= Kloyz =

Ashkenazi Jewish house of study and worship in 16th to 19th centuries

A kloyz ( kloyzn; קלויז) or a hesger ( hesgerim) was an Ashkenazi, Ottoman, or Italian Jewish house of study and worship popular during the 16th to 19th centuries. It is closely related to a beth midrash, though the two are different in the fact that unlike the often-public batei midrash, kloyzn were private and often regarded as elite institutions.

== Etymology ==
The Yiddish term kloyz is derived from the German-language term die Klaus ( die Klausen), itself derived from the Latin term claustrum or clausum (lit. "secluded place"), defining a building or complex of structures relating to a monastery.

== History ==
Kloyzn first began to emerge during the 16th century in the Polish–Lithuanian Commonwealth, around the same time as their equivalent, hesgerim, in the Ottoman Empire and the Italian Peninsula. The concept of the kloyz grew out of the idea of the beth midrash and the decline of yeshivot, as the concept of a meeting place for a select few elite scholars.

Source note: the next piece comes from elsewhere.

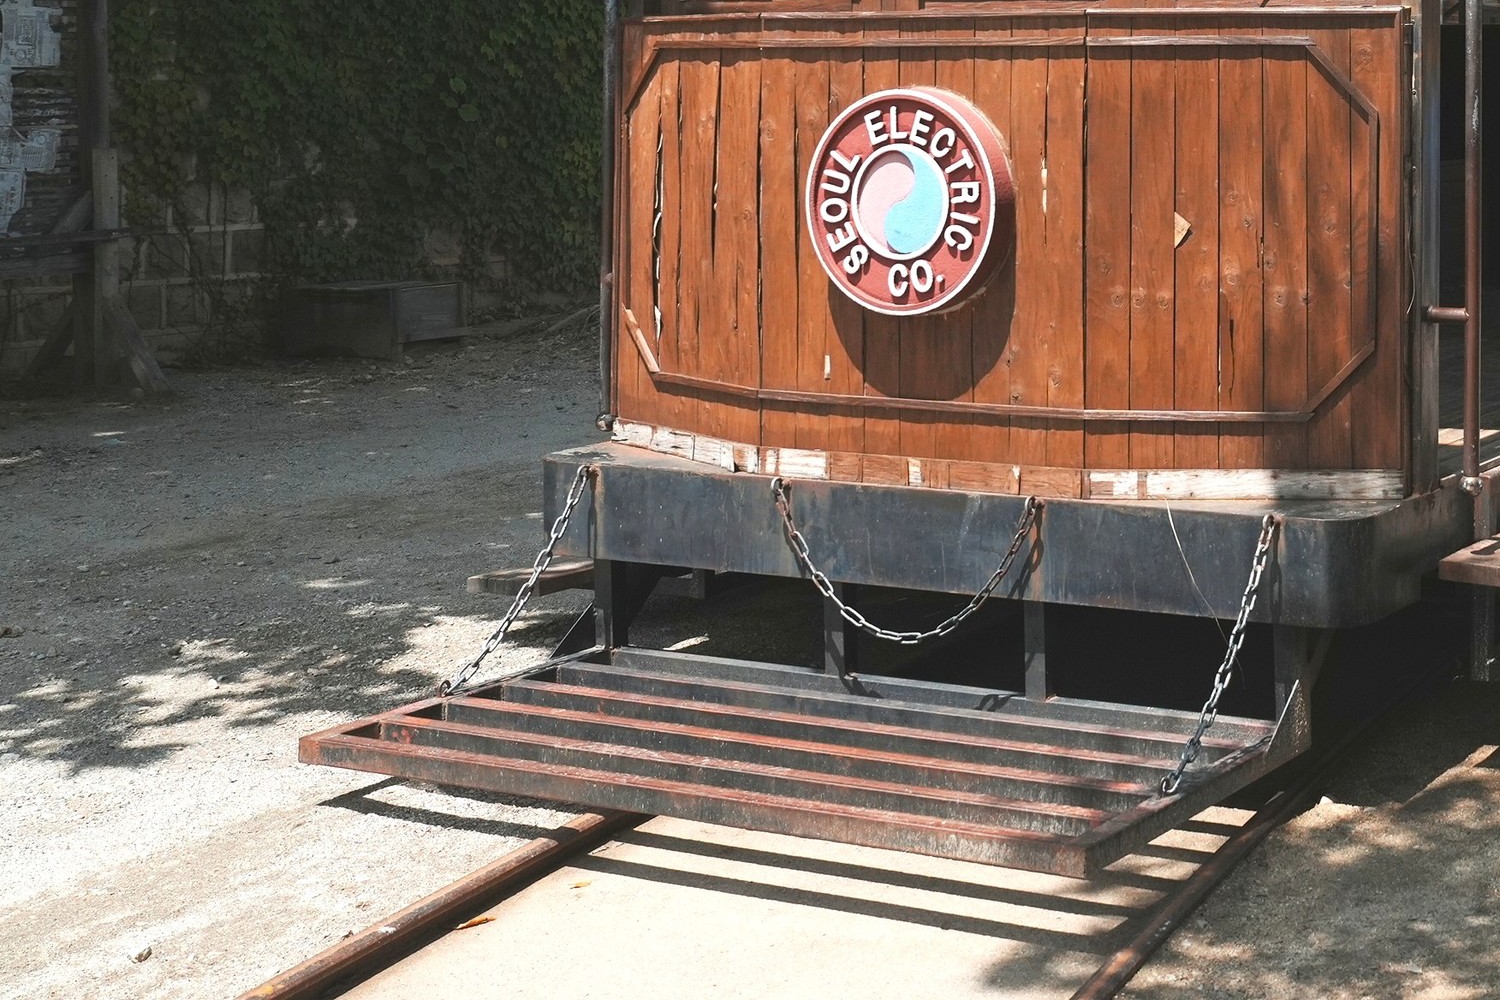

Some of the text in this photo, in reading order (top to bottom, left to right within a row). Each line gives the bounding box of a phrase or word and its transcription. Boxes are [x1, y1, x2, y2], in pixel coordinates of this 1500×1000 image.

[819, 105, 982, 298] SEOUL ELECTRIC CO.

Kloyzn, which have been regarded by groups such as YIVO as elitist, were selective in their choice of membership. Typically financed by philanthropists or wealthy families, members prided themselves not simply on their halakhic knowledge, but on their esoteric knowledge (primarily the kabbalah) as well. They were recognised by communities as responsible for matters of rabbinic literature outside of typical discussion.

=== Decline ===
As urban Jewish communities in Europe secularised during the late 18th and early 19th centuries, the kloyz fell out of favour with these communities. These changes resulted in a lack of money, and, as the prestige of Jewish councils declined across Europe, kloyzn had effectively disappeared by the time of the early 1800s, though in some instances, they remained until at least the early 20th century. During the late 19th and early 20th centuries, synagogues associated with the Musar movement were known as kloyzn, but aside from the name, there was no connection to actual kloyzn.

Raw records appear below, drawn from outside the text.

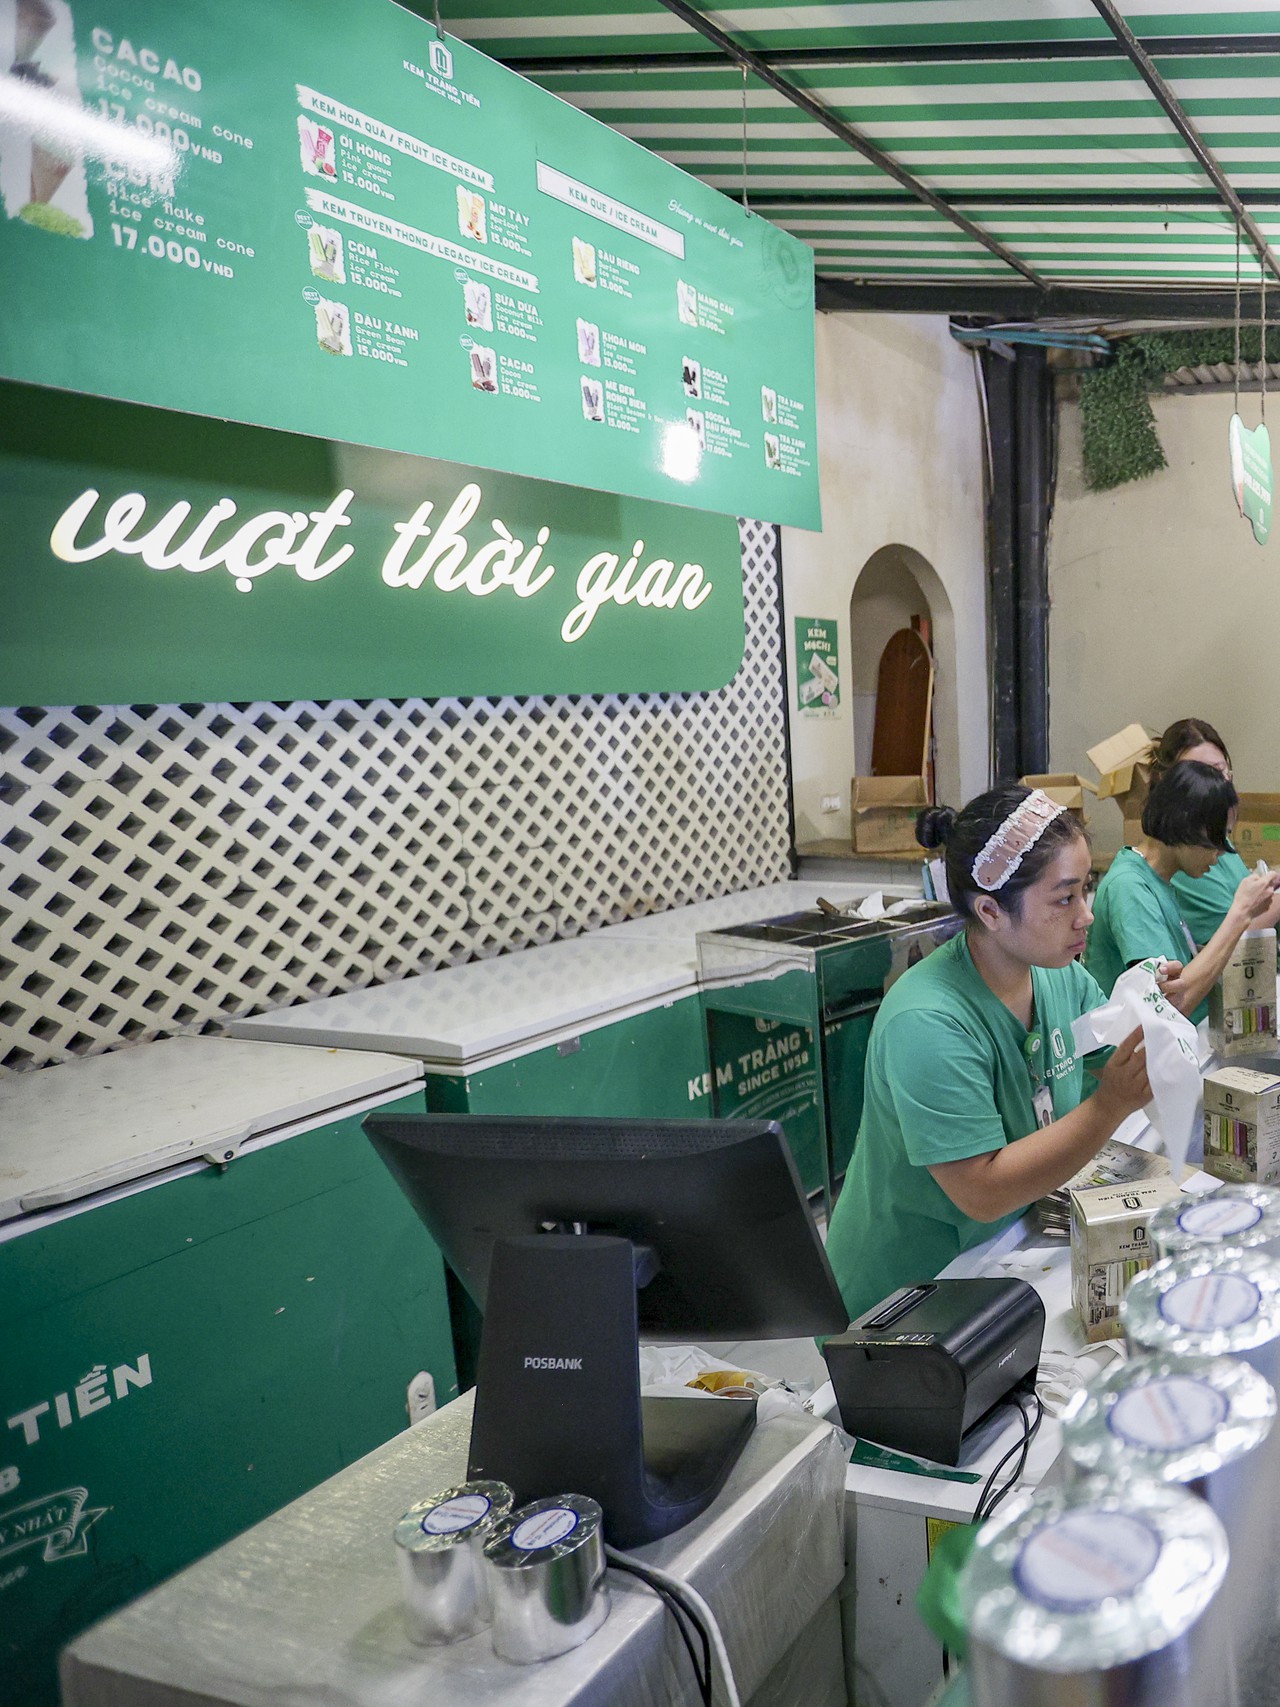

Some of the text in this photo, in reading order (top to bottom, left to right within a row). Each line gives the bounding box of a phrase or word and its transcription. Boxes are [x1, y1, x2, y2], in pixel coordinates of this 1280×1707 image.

[92, 27, 202, 92] CACAO
[94, 55, 155, 92] Cocoa
[403, 60, 425, 79] KEM
[97, 74, 254, 149] ice cream cone
[311, 97, 336, 116] KEM
[339, 110, 361, 128] HOA
[397, 137, 428, 158] FRUIT
[431, 153, 448, 167] ICE
[450, 162, 486, 184] CREAM
[340, 149, 362, 164] Pink
[341, 159, 358, 171] ice
[106, 181, 151, 208] Rice
[568, 187, 588, 204] KEM
[615, 211, 628, 223] ICE
[630, 218, 657, 238] CREAM
[109, 199, 255, 257] ice cream cone
[322, 200, 347, 217] KEM
[438, 245, 477, 267] LEGACY
[480, 260, 495, 273] ICE
[497, 268, 529, 286] CREAM
[385, 321, 419, 341] XANH
[500, 355, 534, 374] CACAO
[50, 482, 713, 644] vượt thời gian
[808, 629, 827, 640] KEM
[738, 1068, 780, 1096] SINCE
[524, 1357, 583, 1370] POSBANK

== Activity and structure ==
Kloyzn were active at all times of the week, excluding the period from mid-day on Friday to the subsequent Sunday morning. By one account of the Lesko kloyz, members were only allowed three hours of sleep daily, unless they had not slept in over 24 hours, in which case they were allowed six hours of sleep. The rest of the time spent at the kloyz was dedicated to study of literature.

Each kloyz was relatively small, numbering at ten to twenty members each. The number of students was larger, and included young men preparing to serve as rabbis and teachers. Study within a kloyz was often complicated, and sometimes reflective of the life of the kloyz's members. The authority of the kloyzn peaked in the mid- to late 18th century, during which time they were regarded as a significant authority in Jewish communities. Many public documents in this time period were signed by some or all members of the kloyzn. A significant incident occurred in Brody when the local kloyz joined in the excommunication of Hasidic Jews.